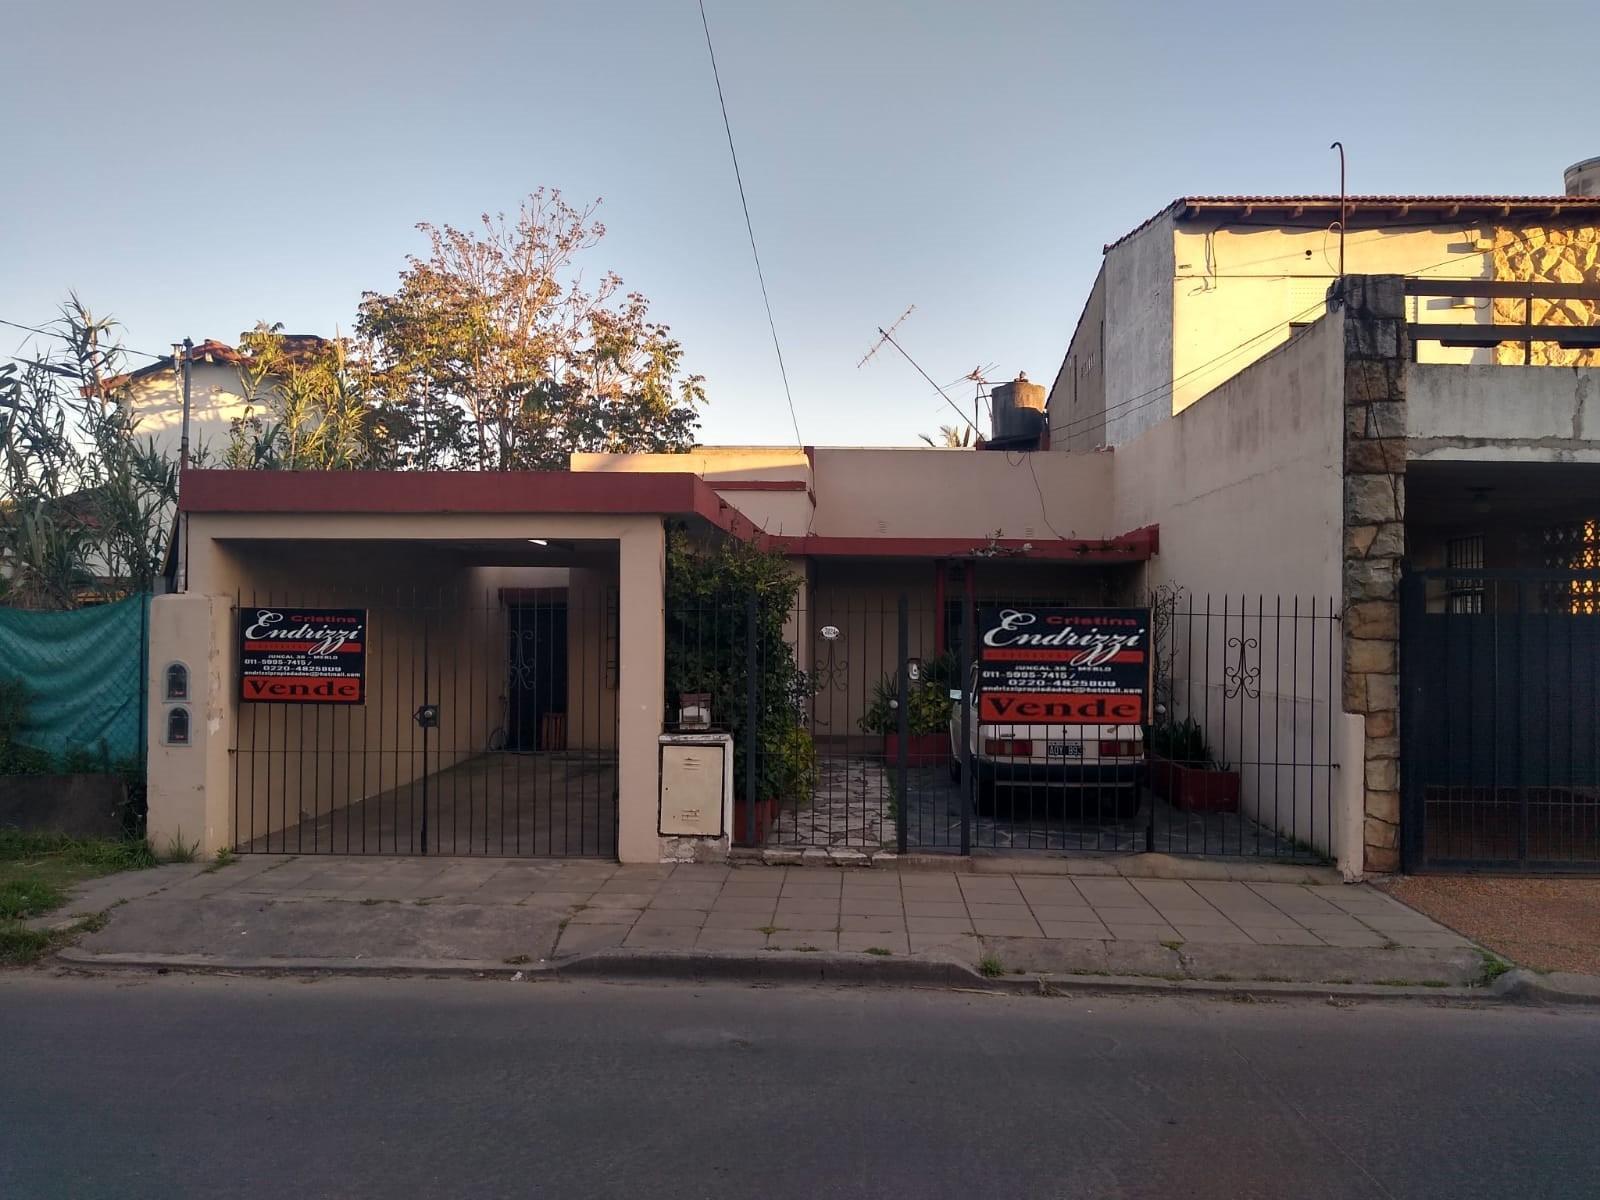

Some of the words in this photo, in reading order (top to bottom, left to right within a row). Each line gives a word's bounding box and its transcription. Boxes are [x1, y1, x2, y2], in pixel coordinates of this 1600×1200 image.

[290, 615, 357, 623] Cristina
[1046, 616, 1137, 626] Cristina
[245, 609, 363, 656] Endrizzi
[983, 609, 1145, 667] Endrizzi
[248, 679, 356, 697] Vende
[988, 697, 1137, 718] Vende
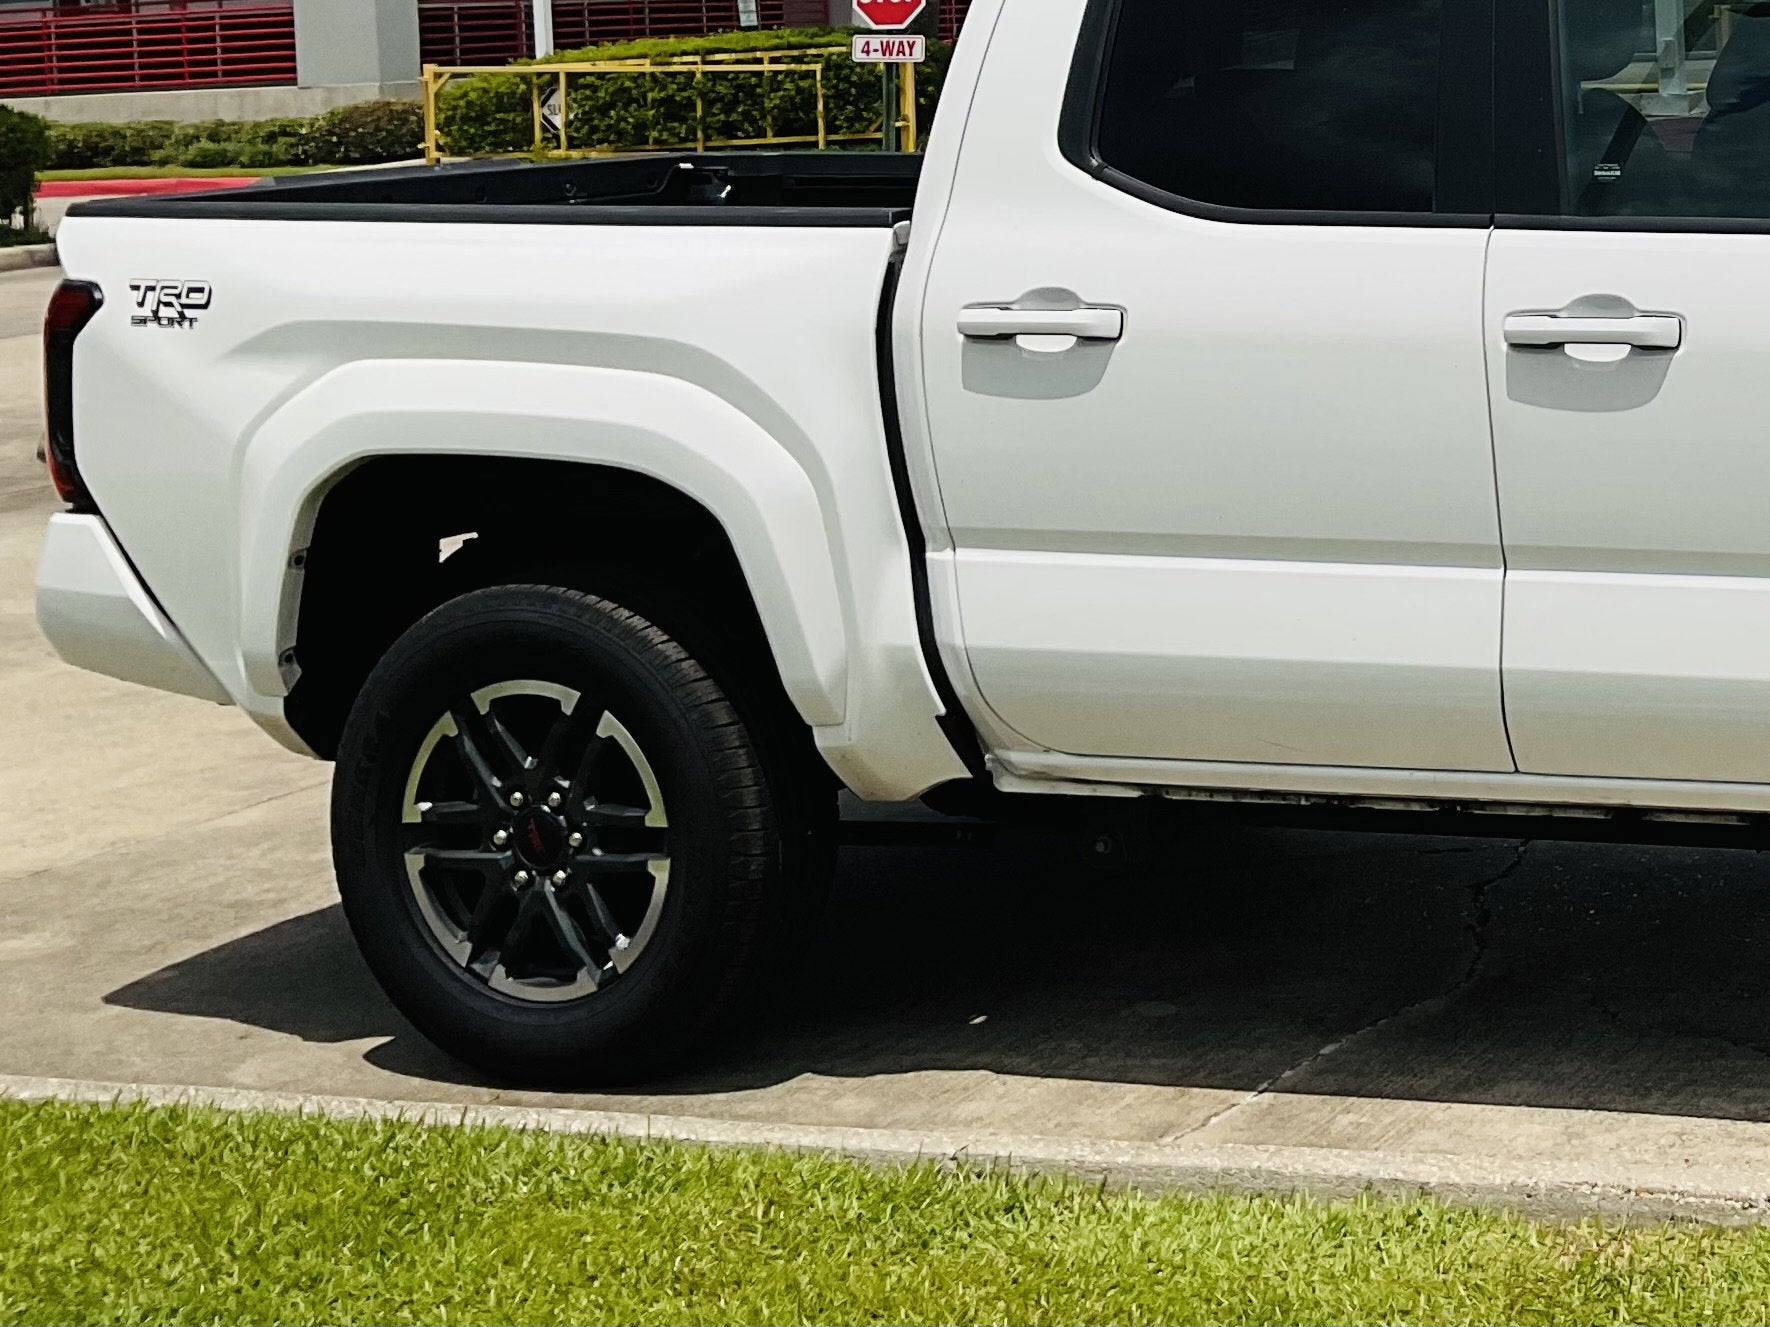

[PROBLEM DETAILS]: Set the material down exactly, images excluded.

[ANSWER]:
Some of the words in this photo, in reading order (top to bottom, left to right within a row). Each line gives a word's bounding box and its transcription. Boxes are [x1, y1, x2, y2], in pixel coordinates of this 1600×1200 image.

[290, 615, 357, 623] Cristina
[1046, 616, 1137, 626] Cristina
[245, 609, 363, 656] Endrizzi
[983, 609, 1145, 667] Endrizzi
[248, 679, 356, 697] Vende
[988, 697, 1137, 718] Vende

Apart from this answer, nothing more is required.